● **WORK REQUEST**: Return the data word for word. Pictures are to be omitted.

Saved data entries
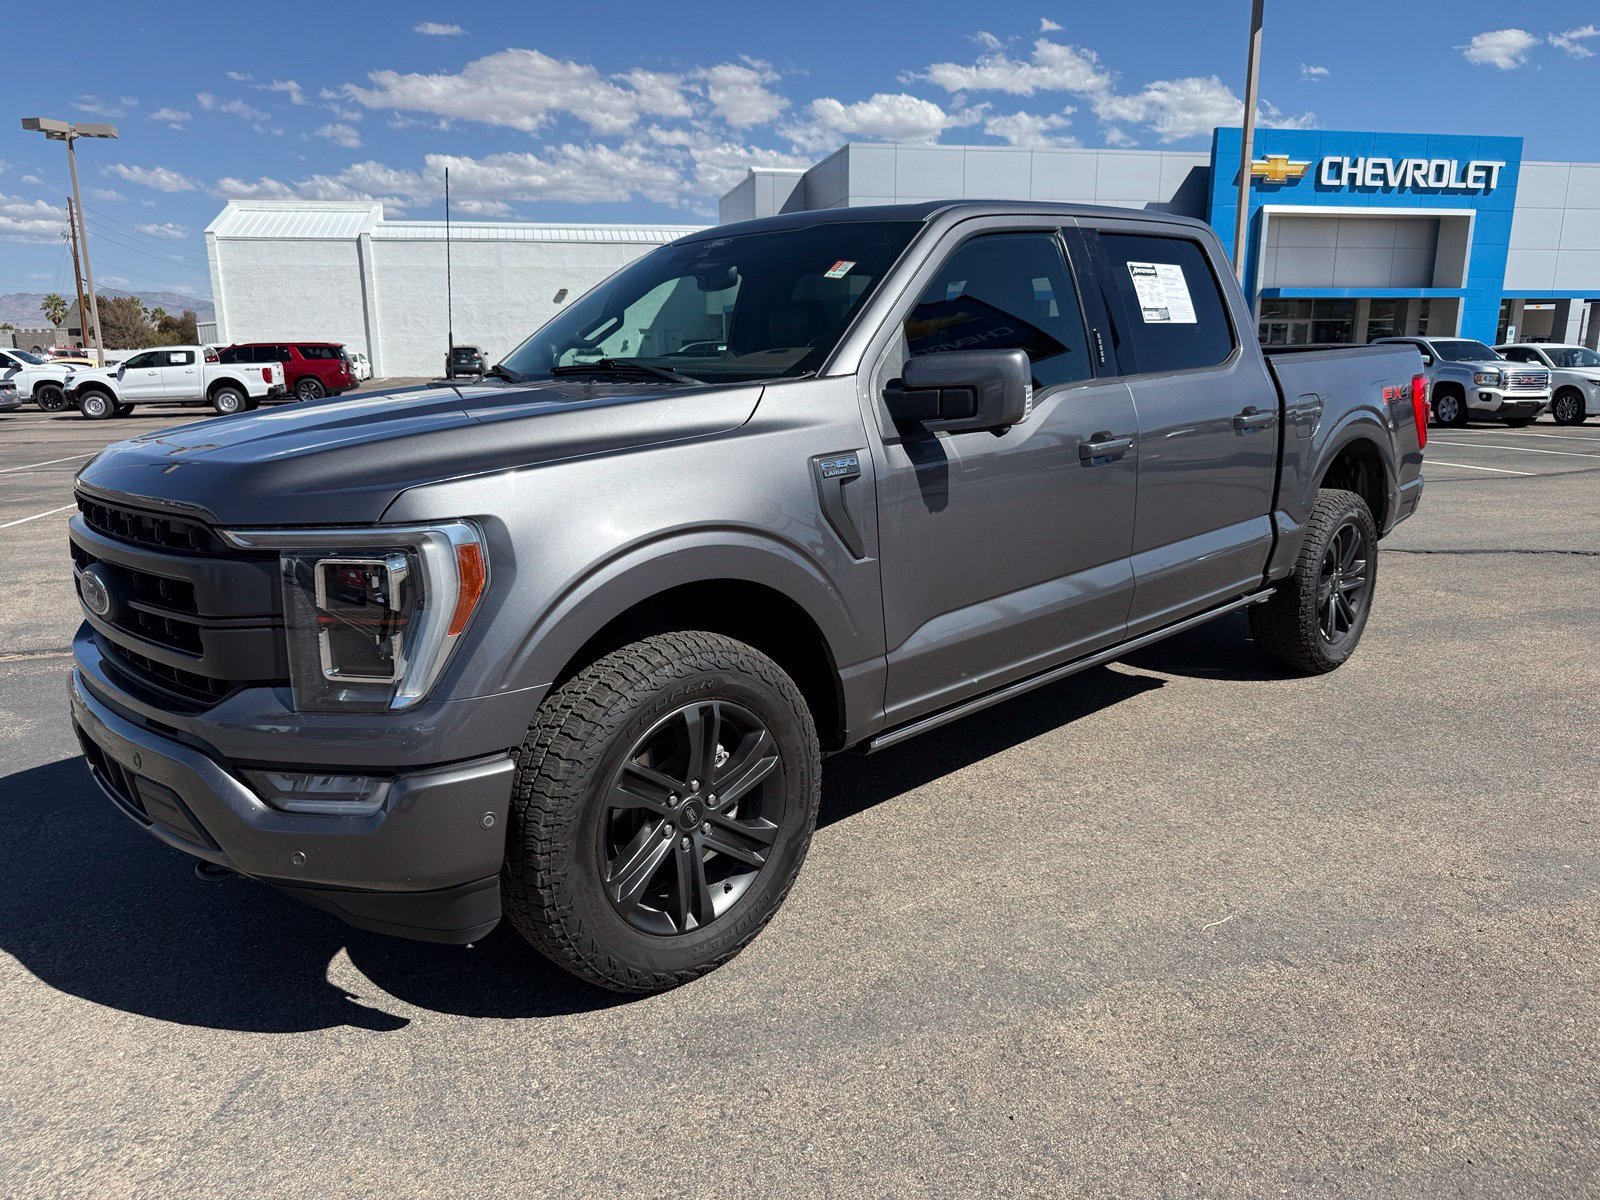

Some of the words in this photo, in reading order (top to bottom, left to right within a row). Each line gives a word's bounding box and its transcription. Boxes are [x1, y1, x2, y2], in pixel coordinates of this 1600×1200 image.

[1321, 156, 1506, 189] CHEVROLET
[1382, 385, 1409, 405] FX4
[821, 457, 858, 470] F-150
[824, 468, 848, 477] LARIAT
[626, 679, 715, 740] COOPER

● **ANSWER AREA**:
Some of the words in this photo, in reading order (top to bottom, left to right within a row). Each line gives a word's bounding box and its transcription. Boxes are [x1, y1, x2, y2], in pixel coordinates of this 1600×1200 image.

[1321, 156, 1506, 189] CHEVROLET
[1382, 385, 1409, 405] FX4
[821, 457, 858, 470] F-150
[824, 468, 848, 477] LARIAT
[626, 679, 715, 740] COOPER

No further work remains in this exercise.